Naître pour partir : de Beyrouth à Tanger, l'appel du large « pour survivre »

Ils ne partent pas pour les mêmes raisons ni de la même manière. Mais d’un bout à l’autre du sud du bassin méditerranéen, une majorité de jeunes conçoit aujourd’hui son avenir ailleurs. Une culture du départ qui se transmet de génération en génération depuis plus d’un siècle, dont le Liban est un spécimen régional.

Naître pour partir : de Beyrouth à Tanger, l'appel du large « pour survivre »

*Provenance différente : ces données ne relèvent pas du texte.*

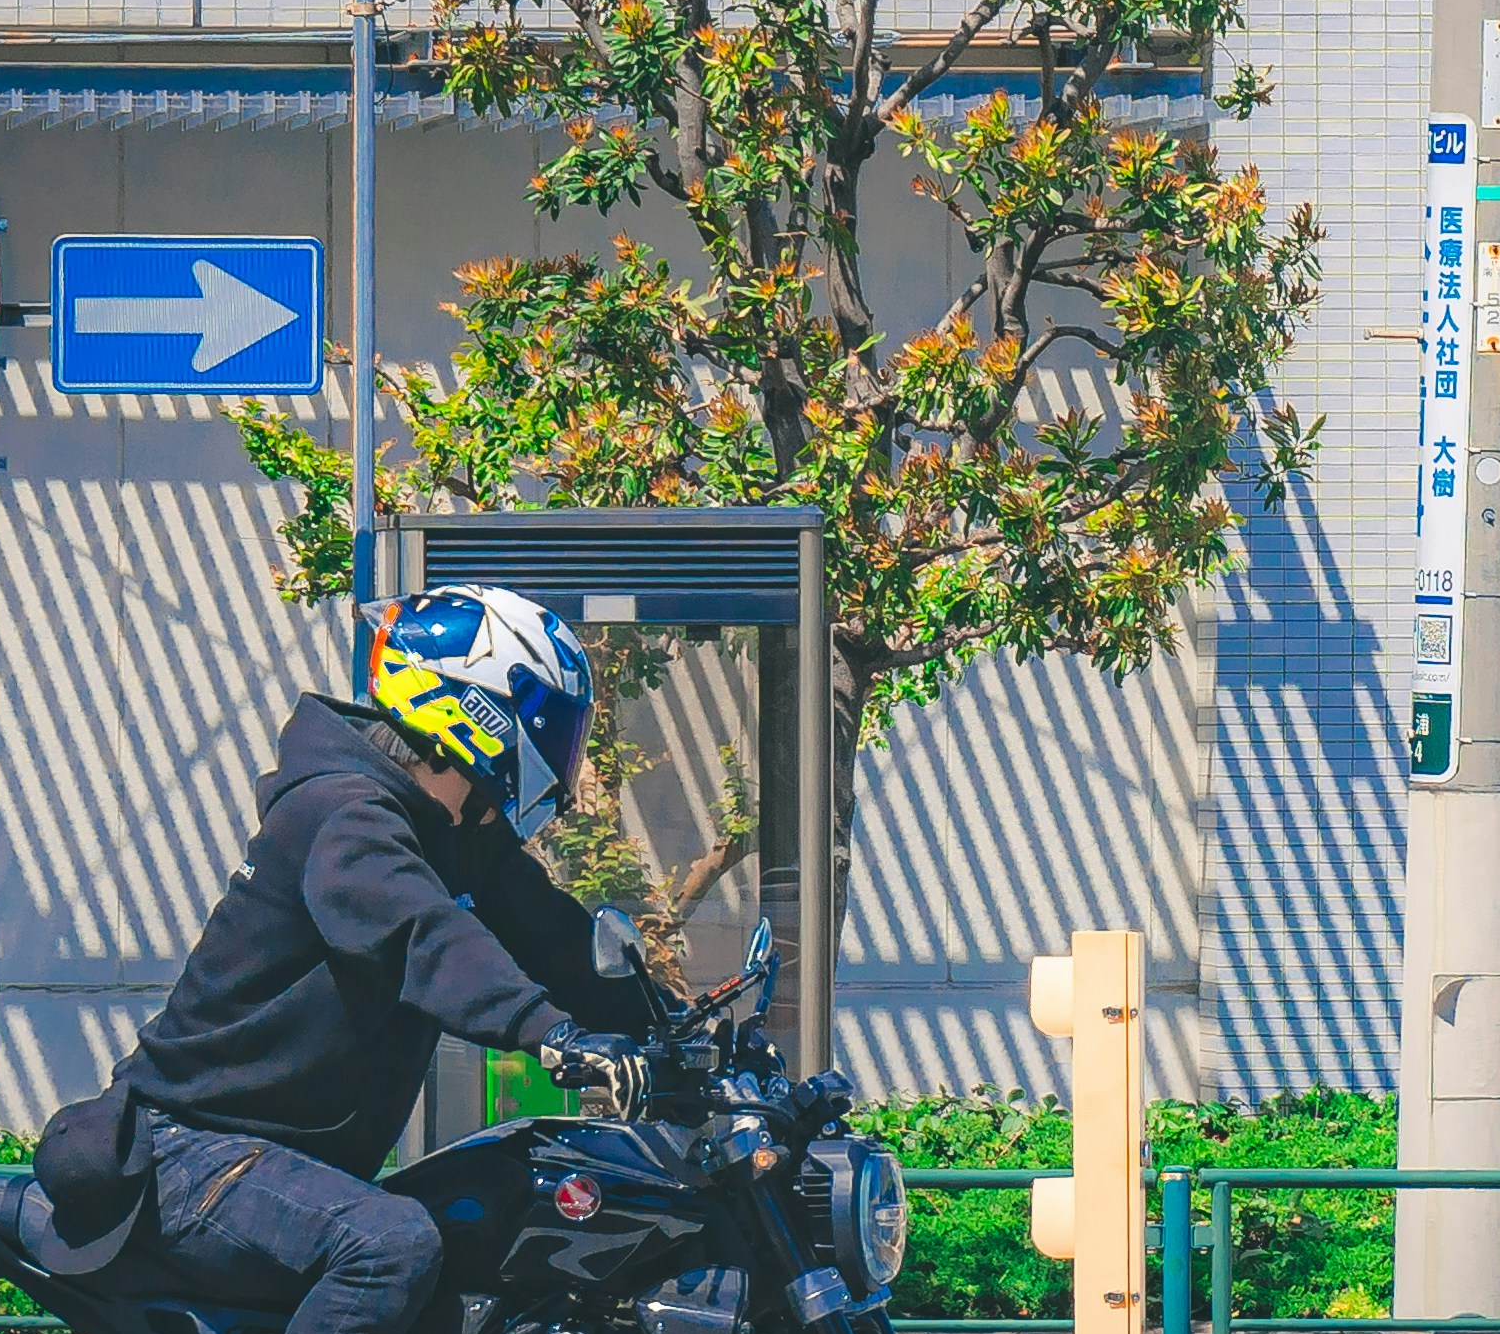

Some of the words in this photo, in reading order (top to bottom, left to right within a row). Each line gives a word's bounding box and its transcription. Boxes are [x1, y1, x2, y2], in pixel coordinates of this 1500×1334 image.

Un Libanais près du poste frontière d'Arida avec la Syrie, le 23 septembre 2022, alors que des proches attendent l'arrivée des corps des migrants qui se sont noyés dans le naufrage d'un bateau au large des côtes syriennes - l'un des plus meurtriers survenus en Méditerranée orientale. PHOTO AFP / FATHI AL-MASRI

Au café Hafa, à Tanger, la jeunesse marocaine attend. Elle regarde la mer comme d’autres attendent un visa. Le soir, les lumières de la côte espagnole scintillent à l’horizon. De l’autre côté du rivage, une nouvelle vie est possible. On la dit normale. Tous n’y parviendront pas. Certains ne quitteront jamais la terre natale. D’autres mourront dans la traversée. Mais en attendant, « Toutia » – c’est le surnom qu’ils donnent à la mer qui les sépare de l’Europe – leur permet à tous de rêver. Le roman de Tahar ben Jelloun (Partir, 2007) est le récit d’une obsession qui poursuit les individus d’une société. Ceux qui succombent à l’appel du large mais aussi ceux qui restent, ceux qui aident au départ et ceux qui en profitent.

Une histoire inventée mais « plausible », confie l’auteur, inspirée de personnages réels rencontrés en chemin. Comme ce concierge analphabète qui disparaît du jour au lendemain après trente ans de service grâce à un visa pour l’Europe obtenu in extremis. Ou cet homme qui accepte d’être l’amant d’un dandy espagnol, même s’il n’est pas homosexuel, afin de quitter le Maroc. Dans un pays aux perspectives étroites, l’émigration est une affaire sérieuse. « C’est très profond, ce ne sont pas des départs de villégiature, on ne va pas faire un pique-nique, on va pour survivre », confie l’auteur franco-marocain.

Rite de passage

À Beyrouth, Alexandrie ou Tunis aussi on « va pour survivre ». D’un bout à l’autre du sud du bassin méditerranéen, le rêve d’expatriation est ancré au point de se fondre dans la culture locale. Dans la région, une majorité de jeunes dit aujourd’hui vouloir prendre le large – 53 % au Levant, 48 % en Afrique du Nord, selon l’Arab Youth Survey (2023). Tous n’ont pas les mêmes raisons. Certains fuient la mort, d’autres une crise sans fin, des perspectives bouchées ou un manque de liberté – souvent une combinaison de plusieurs facteurs en même temps.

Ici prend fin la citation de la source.